How to avoid a ‘Sexit’

Solid Energy has a basically sound business that is being crushed by debt. If Greece’s debt sent it hurtling towards a ‘Grexit', Solid Energy can avoid a Sexit.

Here’s how.


The basic business operations of the company, the coal mines, are cashflow positive. Solid Energy makes enough to pay for safe operation and keeping miners in jobs, and that keeps the lights on for downstream parts of the Coast economy who depend on mining - businesses like railways that help to keep other export businesses competitive and could become marginal without coal.

Solid got into trouble in the past because it made over-confident assumptions about the future price of coal. Those assumptions may or may not have been justified at the time - there are plenty of experts who believe Solid’s management were over exuberant, but it’s also true that businesses take risks and they don’t always come off, but you have to analyse decisions from the perspective at the time, not with hindsight.

If you approach Solid that way, then the government, as owner, and lenders who supported the rosy asset valuations deserve to take a haircut because investing comes with risks and sometimes risks mature. 

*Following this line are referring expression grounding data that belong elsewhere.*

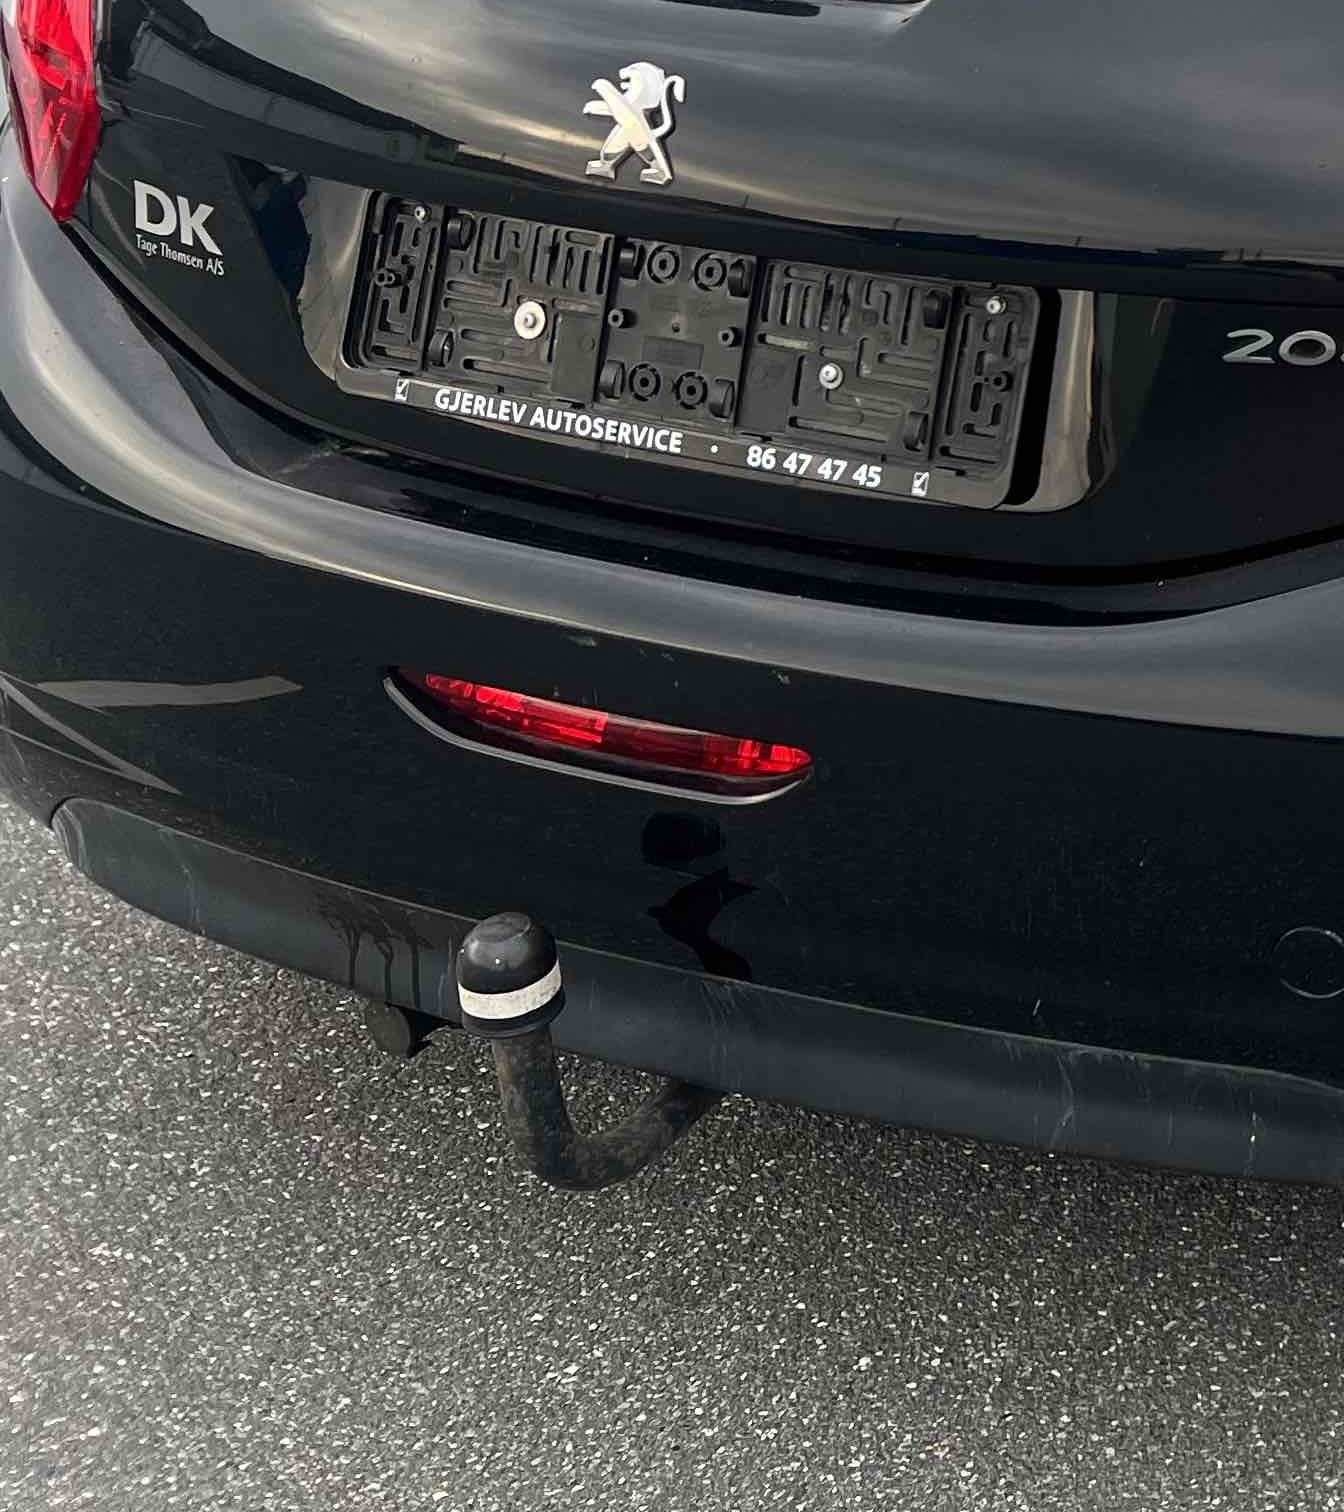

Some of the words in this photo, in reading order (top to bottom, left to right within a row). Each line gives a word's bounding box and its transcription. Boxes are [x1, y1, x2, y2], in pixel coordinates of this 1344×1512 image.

[134, 179, 223, 256] DK
[136, 234, 158, 256] Tage
[160, 242, 203, 269] Thomsen
[206, 257, 224, 275] A/S
[434, 388, 527, 423] GJERLEV
[529, 406, 683, 453] AUTOSERVICE
[746, 445, 777, 470] 86
[782, 452, 813, 475] 47
[817, 458, 848, 481] 47
[852, 464, 882, 488] 45
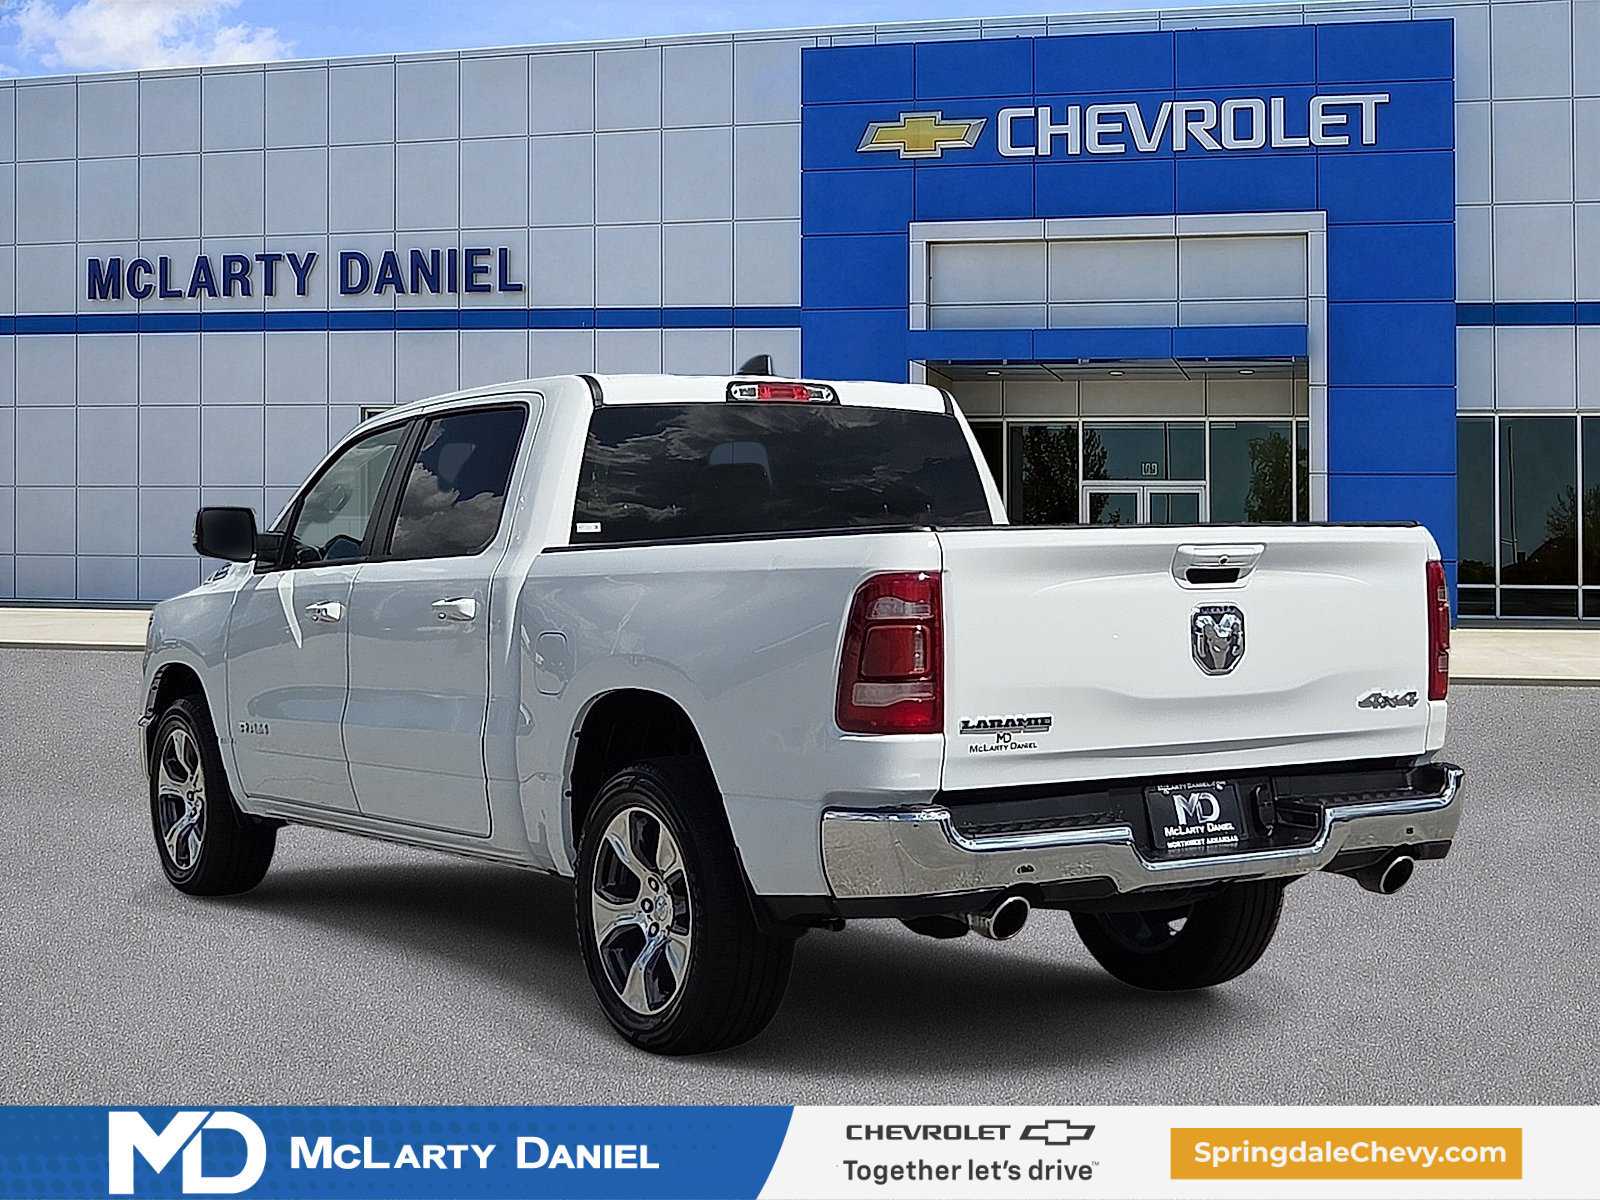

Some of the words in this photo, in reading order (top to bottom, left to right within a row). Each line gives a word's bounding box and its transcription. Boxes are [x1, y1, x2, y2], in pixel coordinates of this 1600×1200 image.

[997, 94, 1389, 157] CHEVROLET
[338, 246, 526, 297] DANIEL
[961, 715, 1052, 730] LARAMIE
[996, 732, 1012, 744] MD
[1172, 792, 1220, 825] MD

But the miners shouldn’t have to pay for management folly. Nor should the tradies and small businesses, the families and other locals who all depend on the mine for work.

Those over-rosy revenue projections led to the company blowing cash on failed diversification ventures, paying staff generously for adding value, taking on debt to make the balance sheet more efficient, and paying dividends to the government on the basis of a return on capital derived from an over-enthusiastic valuation.

Think about it: If you tell yourself the company’s value has gone from $300 million to over a billion on the basis of forward cost projections, then you won’t be conserving cash against a looming rainy day - you will be investing heavily in future business opportunities; you will reward the genius who created this uplift in value; you will borrow against your balance sheet like an Auckland house-owner whose property values only ever go up. Your owners are going to want to cash out some of the lolly.

What owner wouldn’t do this? The only one I can think of would be an owner which had a different business objective. An owner that saw the company as a way to keep miners in jobs and the Coast economy on its feet would keep its focus on the mines breaking even. Its focus would be on operations, not on balance sheet management.

That’s why the government should devolve ownership of its assets to the West Coast - possibly to the regional economic development trust, which was set up in the early 2000s to keep the Coast engine running when the government ended felling of ancient native trees.

There is no need to privatise the business or shut it down. The solution - as so often, relies in transferring power to the people. The mandate of a Coast-operated Solid would be to keep the mines operating at least at break even.

Any capital for new mines and developments would have to come from elsewhere, but that’s not an issue right now. It would mean that eventually the asset would be tapped out. But thats a long way in there future and there would be plenty of room for others to step in on a normal business basis.

The government is not getting its money back anyway, so the transfer of the business would be mostly a paper exercise, not a real one - plus it would save the government the crippling cost associated with social impacts of job losses.

Plenty of people cheer Solid’s demise because they don’t like coal and think it has no future. Its true that coal is the worst source of energy for the climate

Globally, the coal business is growing, not shrinking. The International Energy Agency projects coal demand will grow over the next 25 years. For the sake of the climate, it would be good if that forecast were wrong, but it probably isn’t. Here’s what they say:

“Global coal demand grows by 15% to 2040, but almost two-thirds of the increase occurs over the next ten years.”

It’s just not true that coal is going away. 

“Current low coal prices have put pressure on producers worldwide to cut costs, but the shedding of high-cost capacity and demand growth are expected to support an increase in price sufficient to attract new investment.” 

There are better alternatives than shutting mines to address the climate effects of coal.

“Adoption of high-efficiency coal-fired generation technologies, and of carbon capture and storage in the longer term, can be a prudent strategy to ensure a smooth transition to a low carbon power system, while reducing the risk that capacity is idled before recovering its investment costs,” the IEA says.

The lesson for Solid is clear. It should focus on its core operations - getting the coal out of the ground and selling it. The government should transfer it to a Coast entity with a charter to do just that. No more funny business that puts livelihoods and the regional economy at risk.

I am not a fan of bailing out failing business, but Solid’s operations are not unprofitable. I do want to see the Coast economy diversified away from an over-reliance on extractive industries, but that it a 25-year project that needs to be led by the Coast.

Trust the local community, and the outcomes will be better.